Section 7.09    Successor Trustee by Merger, etc.
Any organization or entity into which the Trustee may be merged or converted or with which it may be consolidated, or any organization or entity resulting from any merger, conversion or consolidation to which the Trustee shall be a party, or any organization or entity succeeding to all or substantially all of the corporate trust business of the Trustee shall be the successor of the Trustee hereunder, provided such organization or entity shall be otherwise qualified and eligible under this Article 7, without the execution or filing of any paper or any further act on the part of any of the parties hereto.
Section 7.10Eligibility; Disqualification.
There will at all times be a Trustee hereunder that is a corporation organized and doing business under the laws of the United States of America or of any state thereof that is authorized under such laws to exercise corporate trustee power, that is subject to supervision or examination by federal or state authorities and that has a combined capital and surplus of at least $50.0 million as set forth in its most recent published annual report of condition.

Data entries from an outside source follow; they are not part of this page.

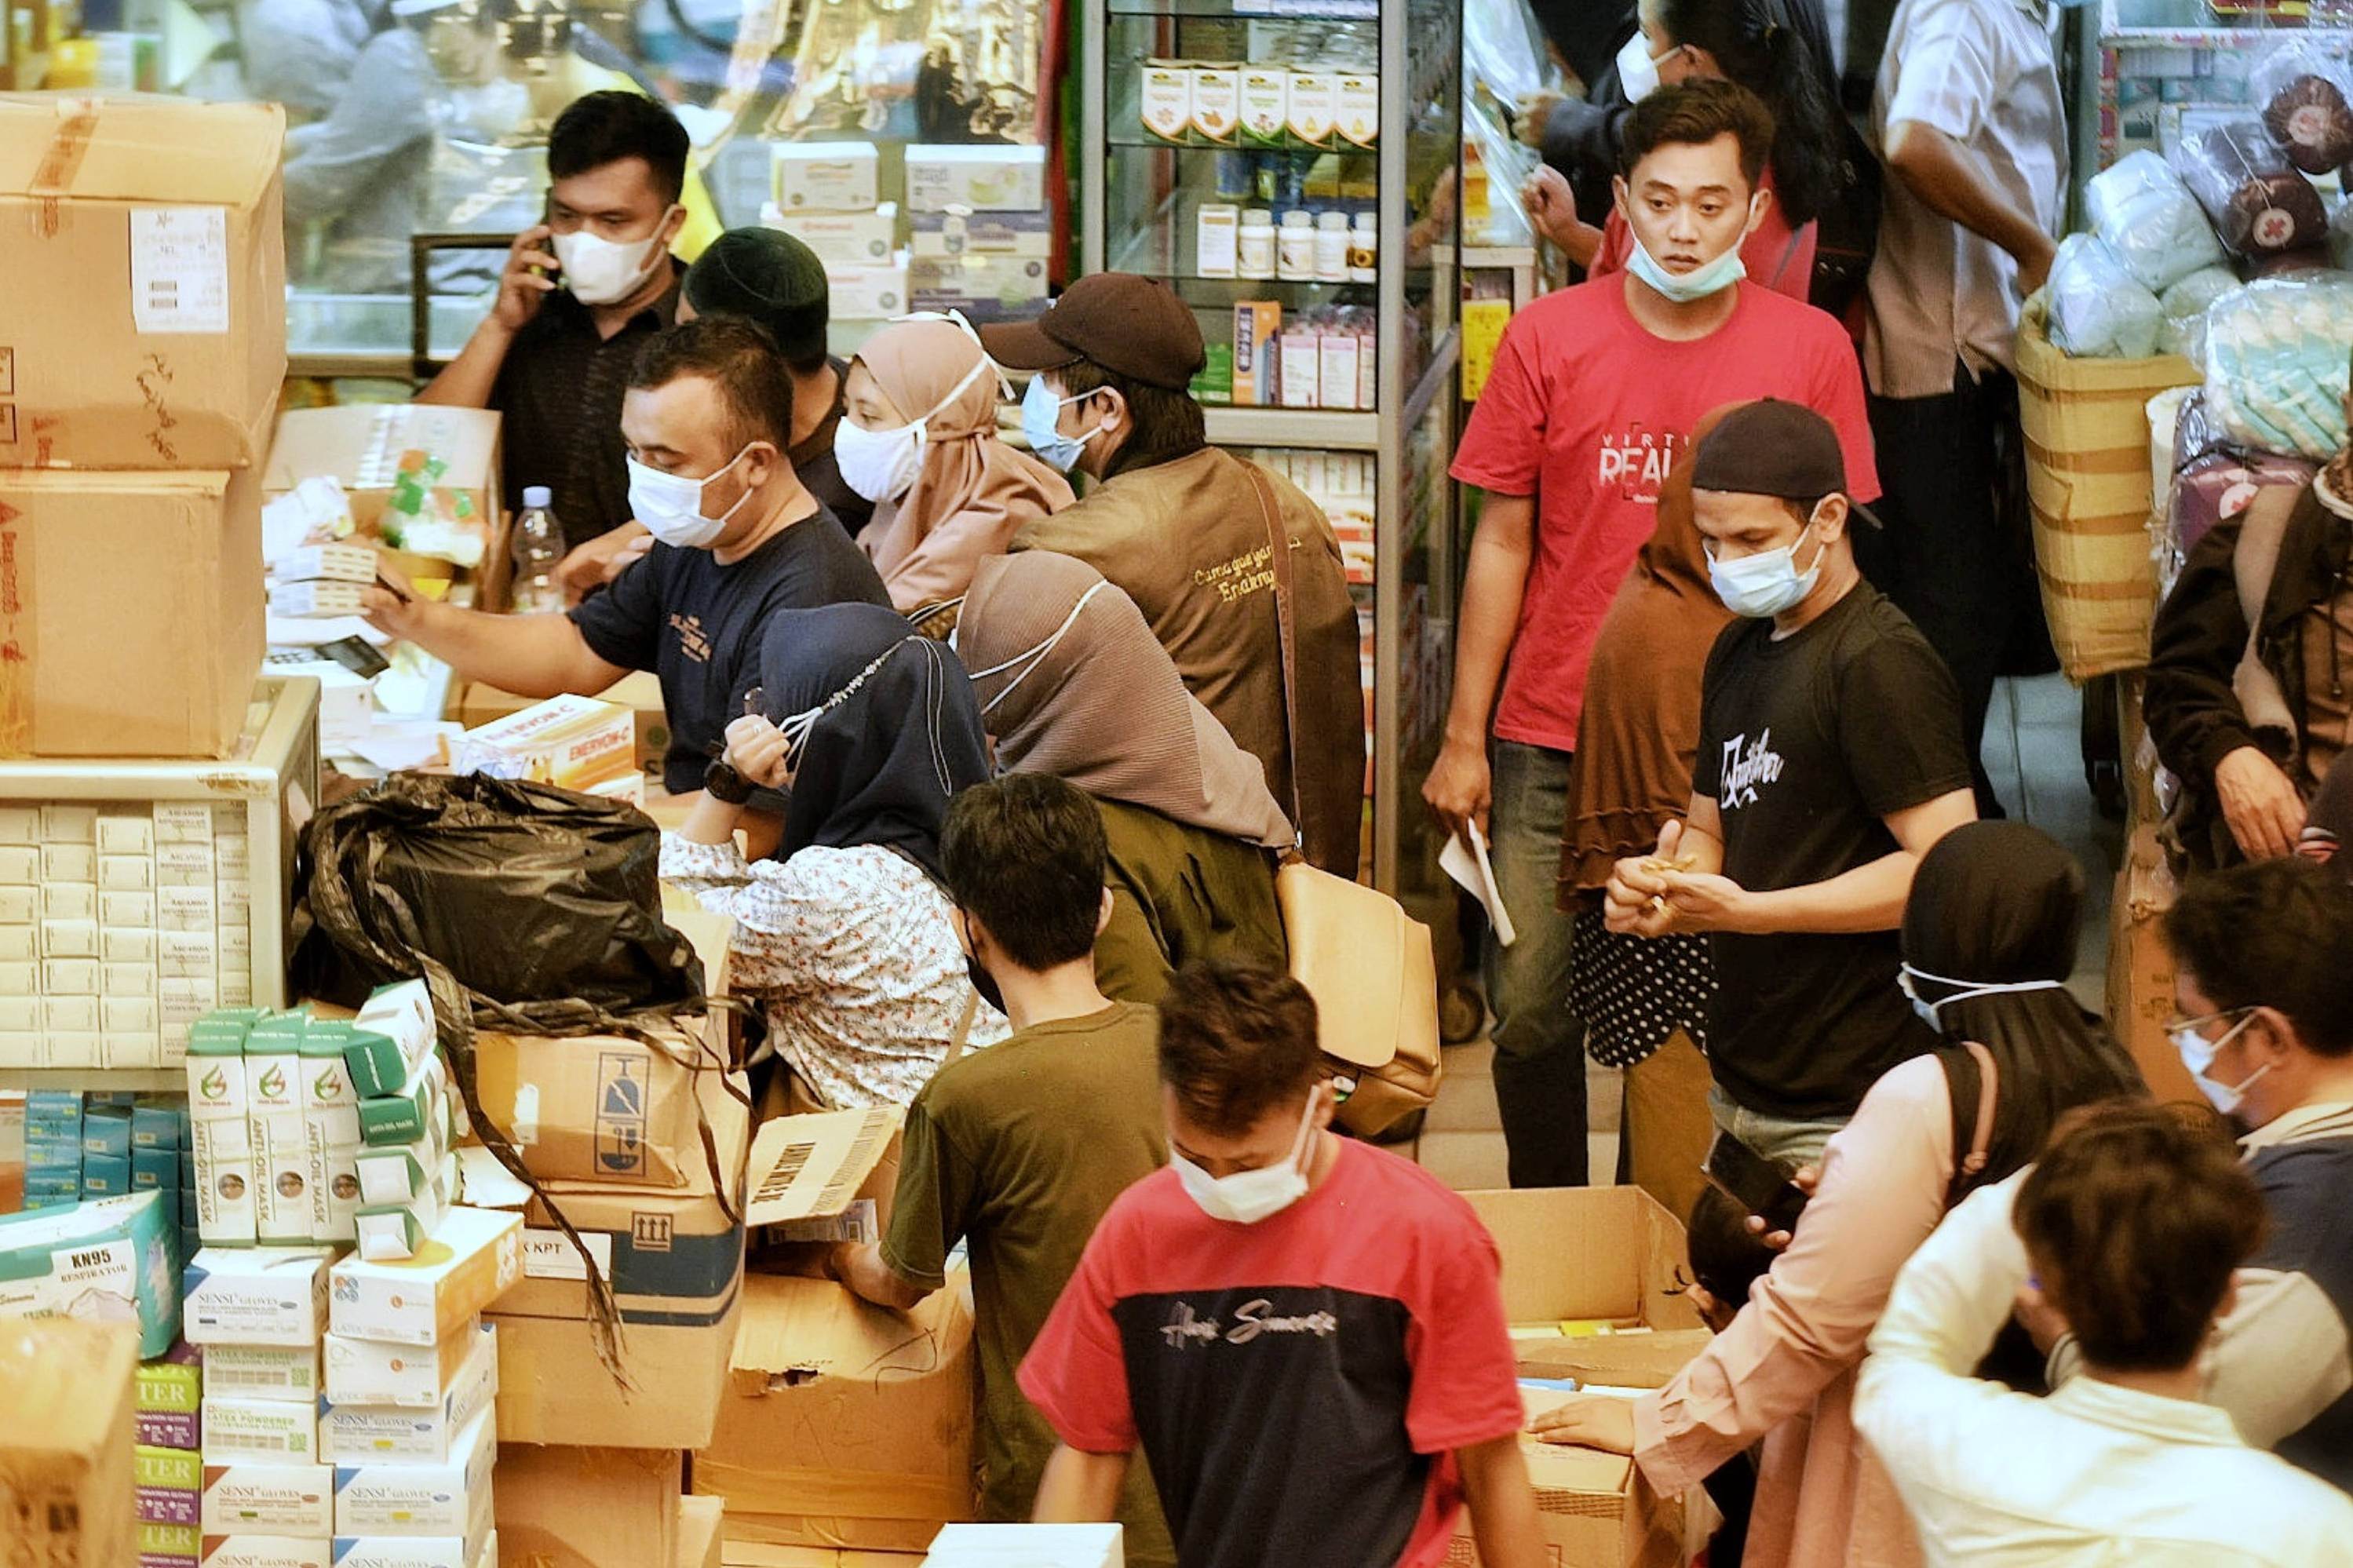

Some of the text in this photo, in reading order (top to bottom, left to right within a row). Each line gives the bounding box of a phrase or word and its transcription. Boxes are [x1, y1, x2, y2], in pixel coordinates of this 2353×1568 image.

[199, 1185, 213, 1224] MASK
[256, 1185, 270, 1223] MASK
[312, 1186, 326, 1224] MASK
[71, 1248, 111, 1269] KN95
[139, 1381, 186, 1402] TER
[139, 1460, 192, 1481] TER

This Indenture will always have a Trustee who satisfies the requirements of TIA § 310(a)(l), (2) and (5). The Trustee is subject to TIA § 310(b). There shall be excluded from the operation of TIA § 310(b)(1) any series of Notes under this Indenture if the requirements for such exclusion set forth in TIA § 310(b)(1) are met.
Section 7.11Preferential Collection of Claims Against Company.
The Trustee is subject to TIA § 311(a), excluding any creditor relationship listed in TIA § 311(b). A Trustee who has resigned or been removed shall be subject to TIA § 311(a) to the extent indicated therein.
ARTICLE 8
LEGAL DEFEASANCE AND COVENANT DEFEASANCE
Section 8.01    Option to Effect Legal Defeasance or Covenant Defeasance.
The Company may at any time, at the option of its Board of Directors evidenced by a resolution set forth in an Officer’s Certificate, elect to have either Section 8.02 or 8.03 hereof be applied to all outstanding Notes upon compliance with the conditions set forth below in this Article 8.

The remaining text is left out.